Could you give the data below again exactly, apart from the pictures?

→ **GIVEN ENTRIES**
—————
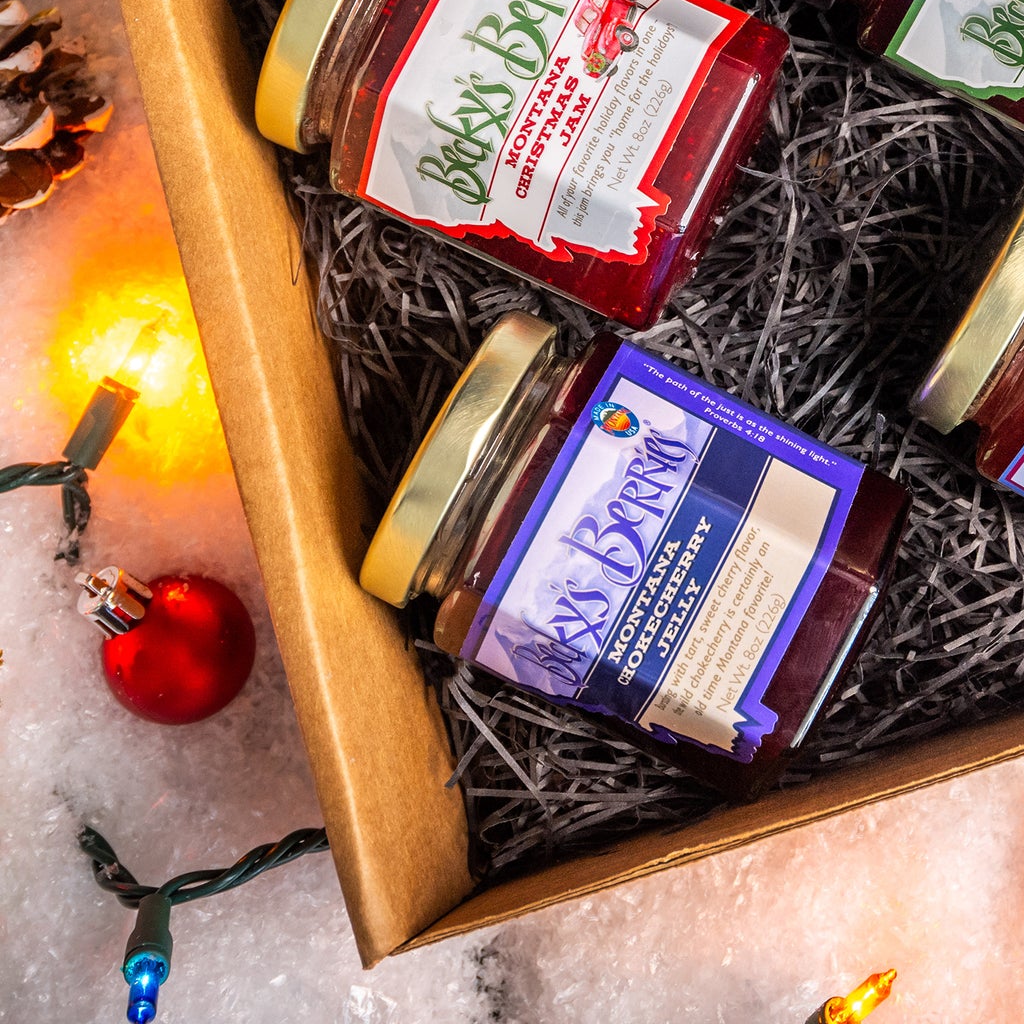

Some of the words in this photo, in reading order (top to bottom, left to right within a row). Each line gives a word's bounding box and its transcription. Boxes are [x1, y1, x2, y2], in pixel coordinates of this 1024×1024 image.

[633, 44, 645, 57] in
[640, 23, 656, 45] one
[613, 56, 639, 95] flavors
[628, 85, 642, 104] for
[637, 65, 653, 87] the
[503, 54, 570, 169] MONTANA
[556, 92, 592, 147] JAM
[592, 93, 622, 134] holiday
[411, 70, 514, 204] Becky's
[513, 73, 580, 200] CHRISTMAS
[573, 133, 601, 178] favorite
[600, 141, 616, 164] you
[565, 178, 579, 203] your
[581, 161, 607, 197] brings
[555, 203, 568, 218] All
[561, 195, 571, 207] of
[570, 210, 585, 227] this
[577, 196, 590, 215] jam
[624, 425, 638, 436] USA
[664, 376, 688, 393] path
[688, 388, 702, 399] of
[700, 394, 716, 407] the
[715, 402, 735, 417] just
[735, 412, 745, 422] is
[745, 419, 757, 428] as
[757, 424, 775, 437] the
[774, 432, 808, 456] shining
[703, 407, 744, 432] Proverbs
[743, 427, 766, 444] 4:18
[558, 428, 698, 587] Berries
[607, 540, 682, 664] MONTANA
[616, 515, 712, 686] CHOKECHERRY
[654, 577, 703, 658] JELLY
[668, 660, 689, 687] with
[682, 633, 705, 660] tart,
[698, 598, 722, 633] sweet
[715, 561, 743, 598] cherry
[734, 524, 761, 561] flavor,
[511, 577, 611, 686] Becky's
[677, 687, 694, 708] wild
[686, 618, 731, 688] chokecherry
[723, 606, 735, 619] is
[730, 556, 764, 607] certainly
[757, 540, 771, 558] an
[693, 700, 707, 716] old
[700, 672, 722, 701] time
[715, 618, 751, 673] Montana
[743, 570, 774, 620] favorite!
[715, 684, 738, 713] Net
[728, 659, 750, 687] Wt.
[741, 634, 763, 661] 8oz
[755, 592, 786, 635] (226g)
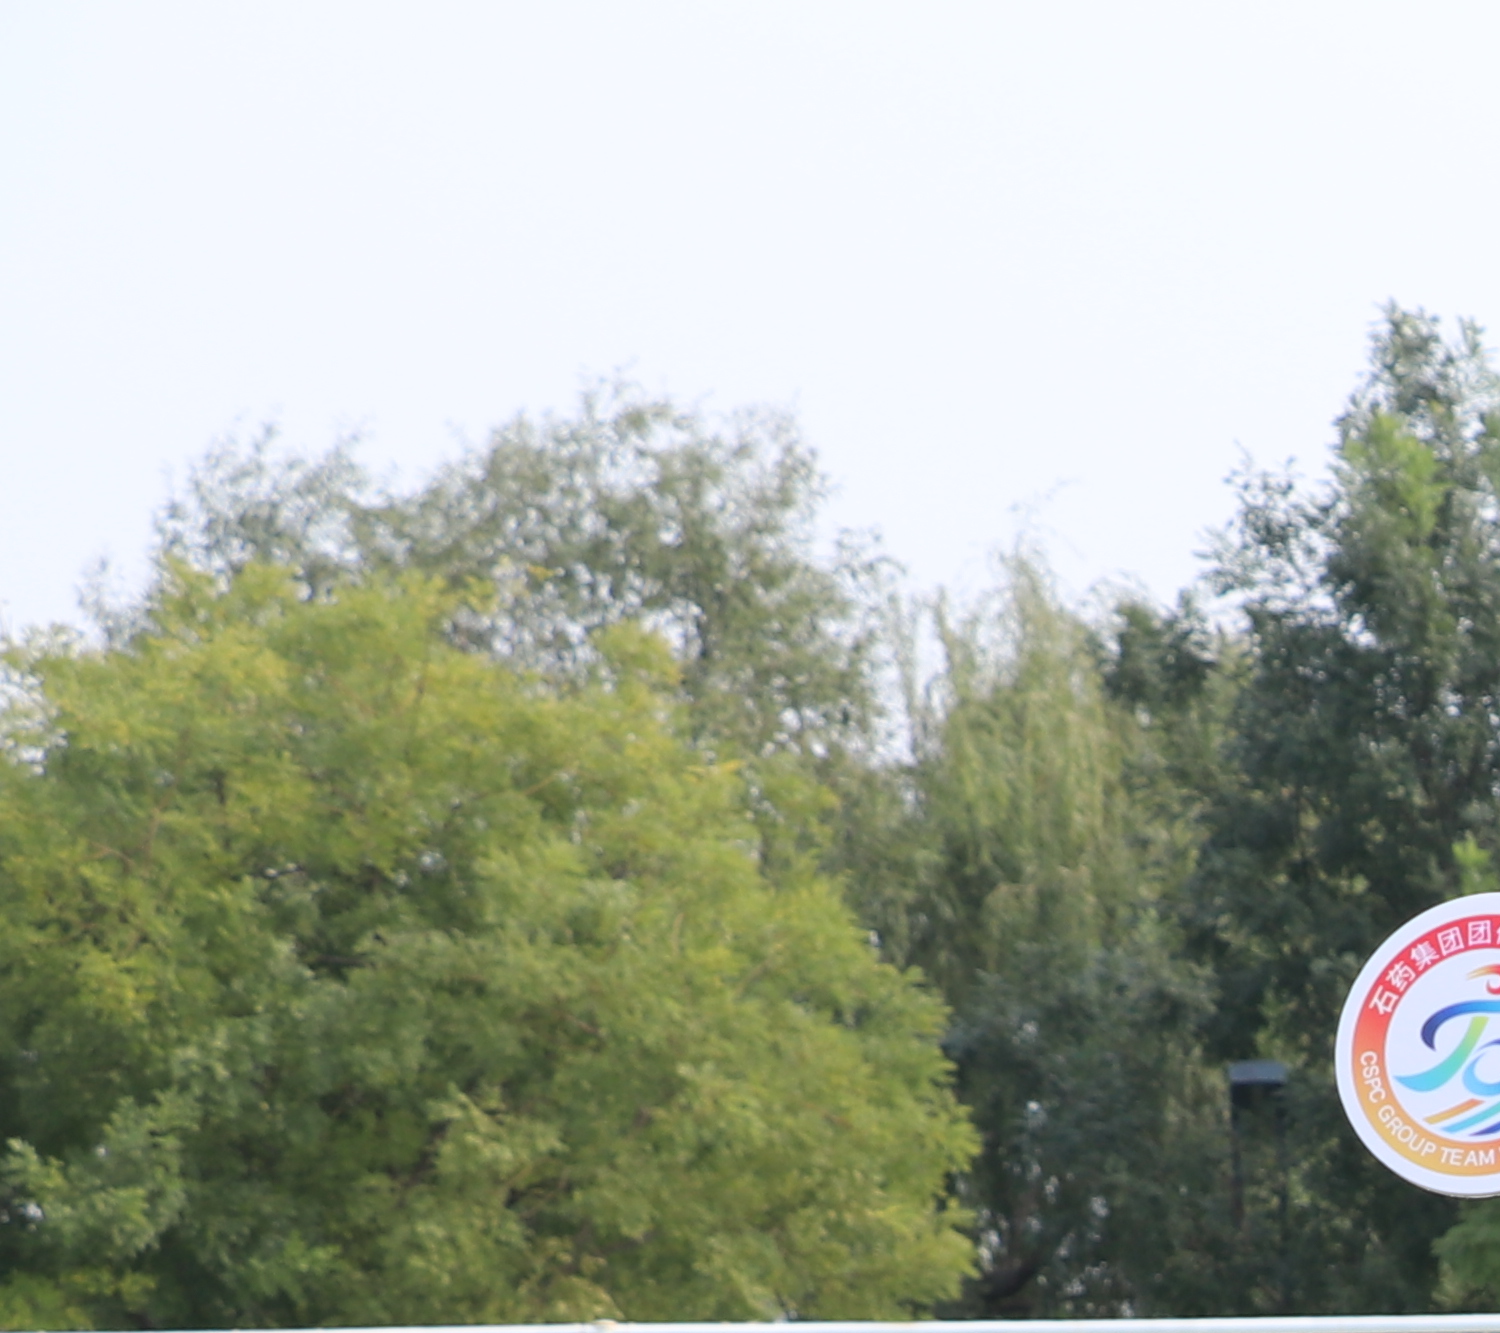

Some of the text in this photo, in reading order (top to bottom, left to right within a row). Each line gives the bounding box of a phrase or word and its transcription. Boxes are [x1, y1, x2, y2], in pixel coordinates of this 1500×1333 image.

[1360, 1051, 1386, 1102] CSPC
[1377, 1104, 1437, 1157] GROUP
[1440, 1146, 1496, 1167] TEAM
—————
→ **EXPECTED ANSWER**
Some of the words in this photo, in reading order (top to bottom, left to right within a row). Each line gives a word's bounding box and its transcription. Boxes are [x1, y1, x2, y2], in pixel coordinates of this 1024×1024 image.

[633, 44, 645, 57] in
[640, 23, 656, 45] one
[613, 56, 639, 95] flavors
[628, 85, 642, 104] for
[637, 65, 653, 87] the
[503, 54, 570, 169] MONTANA
[556, 92, 592, 147] JAM
[592, 93, 622, 134] holiday
[411, 70, 514, 204] Becky's
[513, 73, 580, 200] CHRISTMAS
[573, 133, 601, 178] favorite
[600, 141, 616, 164] you
[565, 178, 579, 203] your
[581, 161, 607, 197] brings
[555, 203, 568, 218] All
[561, 195, 571, 207] of
[570, 210, 585, 227] this
[577, 196, 590, 215] jam
[624, 425, 638, 436] USA
[664, 376, 688, 393] path
[688, 388, 702, 399] of
[700, 394, 716, 407] the
[715, 402, 735, 417] just
[735, 412, 745, 422] is
[745, 419, 757, 428] as
[757, 424, 775, 437] the
[774, 432, 808, 456] shining
[703, 407, 744, 432] Proverbs
[743, 427, 766, 444] 4:18
[558, 428, 698, 587] Berries
[607, 540, 682, 664] MONTANA
[616, 515, 712, 686] CHOKECHERRY
[654, 577, 703, 658] JELLY
[668, 660, 689, 687] with
[682, 633, 705, 660] tart,
[698, 598, 722, 633] sweet
[715, 561, 743, 598] cherry
[734, 524, 761, 561] flavor,
[511, 577, 611, 686] Becky's
[677, 687, 694, 708] wild
[686, 618, 731, 688] chokecherry
[723, 606, 735, 619] is
[730, 556, 764, 607] certainly
[757, 540, 771, 558] an
[693, 700, 707, 716] old
[700, 672, 722, 701] time
[715, 618, 751, 673] Montana
[743, 570, 774, 620] favorite!
[715, 684, 738, 713] Net
[728, 659, 750, 687] Wt.
[741, 634, 763, 661] 8oz
[755, 592, 786, 635] (226g)

Some of the text in this photo, in reading order (top to bottom, left to right within a row). Each line gives the bounding box of a phrase or word and its transcription. Boxes are [x1, y1, x2, y2], in pixel coordinates of this 1500×1333 image.

[1360, 1051, 1386, 1102] CSPC
[1377, 1104, 1437, 1157] GROUP
[1440, 1146, 1496, 1167] TEAM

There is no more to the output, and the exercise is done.